Se il panorama che adesso osservo dal piccolo abbaino del mio bivani avesse una cornicetta con dei coniglietti rosa che vi si arrampicano come scimpanzé, un po’ come i disegni che solerte immaginavo alle elementari, probabilmente questo Tratto da una storia che accadrà del ventottenne pratese Tomme, stanzierebbe pingue sul suo bel capitello di basalto, laddove v’è ancora spazio per i busti dei padri di tutta quella elettronica illuminata e faconda. Non saprei quanto distante dall’uno, dio e trino Richard D. James o dai capitani Rob Brown e Sean Booth.

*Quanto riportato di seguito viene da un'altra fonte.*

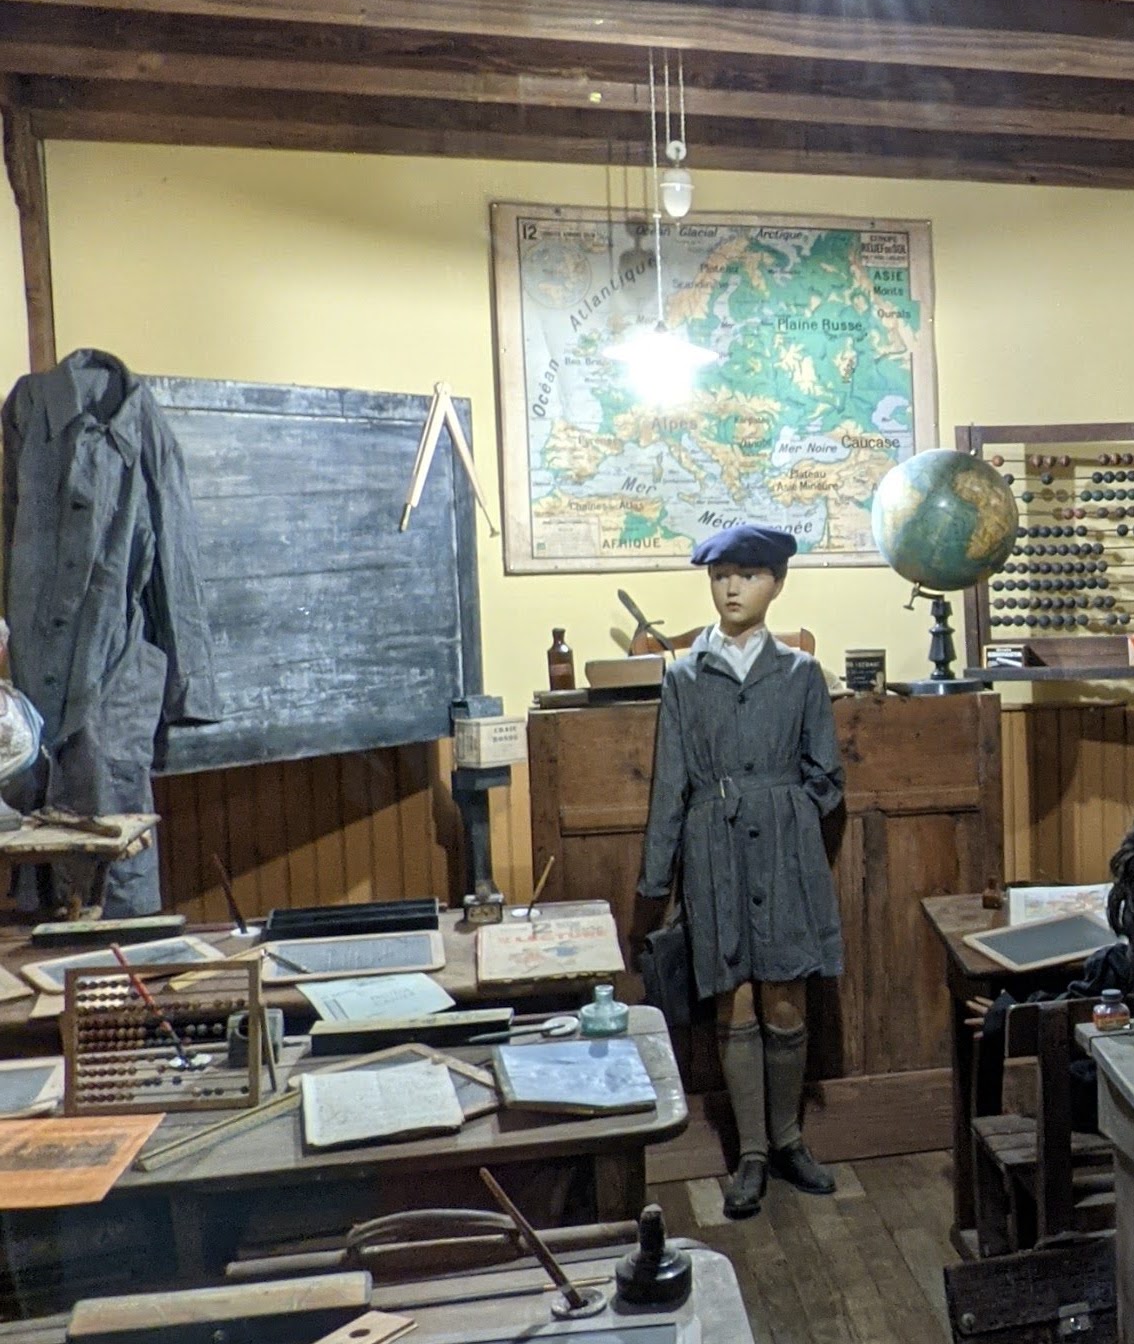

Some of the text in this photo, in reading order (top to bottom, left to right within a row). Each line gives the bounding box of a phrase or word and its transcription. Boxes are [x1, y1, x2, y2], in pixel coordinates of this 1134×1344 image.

[522, 224, 537, 240] 12
[679, 226, 718, 238] Glacial
[756, 228, 803, 241] Arctique
[874, 270, 905, 282] ASIE
[569, 255, 658, 332] Atlantique
[873, 286, 905, 296] Monts
[777, 318, 863, 332] Plaine Russe
[532, 358, 560, 419] Océan
[651, 417, 699, 433] Alpes
[778, 442, 838, 454] Mer Noire
[841, 434, 901, 449] Caucase
[621, 476, 657, 496] Mer
[602, 537, 662, 550] AFRIQUE

A dire il vero, non so se accanto a loro ci sia, o meno, dello spazio vuoto utile ma, di certo, se il mondo fosse un altro, anch’egli sfoggerebbe la sua bella sfilza di pseudonimi.
Molto distanti dalla folktronica e da tutta quella fuffa indefinita mista di dance punk e rock & roll, le 8 tracce di questo disco, che si susseguono senza il benché minimo passo falso, vivono di elettronica pura, matematica tanta e buon gusto, quanto basta per girovagare, pur nella sua essenzialità, nell’iperuranio IDM senza perderne le coordinate. Privo tuttavia di qualsiasi precipua intenzione di oliare chissà quale meccanismo ruffianamente attrattivo (quantunque sia assolutamente convinto che basterebbe un piccolo jingle ossessivo allo scopo), Tomme percuote e ripercuote i suoi tamburi come quel sequel in cui ad ogni melodia, pattern o glitch è assegnato un ruolo nello storyboard. Non musica per immagini ma musica vivente, sostanziale, corporea, che è essa stessa immagine. Un cast di primordine dunque, introdotto dalla prodromica Ninna nanna per un gemello che incede giocosa sui suoi bridge di pochi bit, tanto cari al mio Vic20 ed al talentuoso Trey Gunn, mentre la successiva Morse code fa spazio ad inserti vintage e sontuose aperture sognanti. Come se Gene Krupa o Buddy Rich regalassero a Squarepusher e Joahnn Joahnnsson una jam in un club newyorkese, dopo solo il primo drink. Jucas gioca con una scatola e Siedi hanno insieme il compito di schiudere il grande mondo delle piccole cose ed, all’uopo gentili, accomodano loops di piano tra tintinnii di vetro e metalli vari. Miss S è più operaia e ci traghetta verso la discesa finale tracciata dalle insofferenze ritmiche di 9 volte 1 e de Il pensiero del macchinista, convulse ed ammaliatrici quanto gli Orka a spasso con Marco Minnemann, con quel pathos tendente ad infinito à la Pigbag. Un disco delizioso. Promosso dalla TRB Promozioni. Ancora una volta Trovarobato. Ancora si.
Nessuna cornicetta e men che mai l’ombra di un coniglio rosa attorno a quel signore che porta adesso il cane a spasso ma, il mondo è comunque una merda, si sa e, per quanto mi riguarda, ciò che doveva accadere è abbondantemente già accaduto…speriamo solo che ci sia un seguito!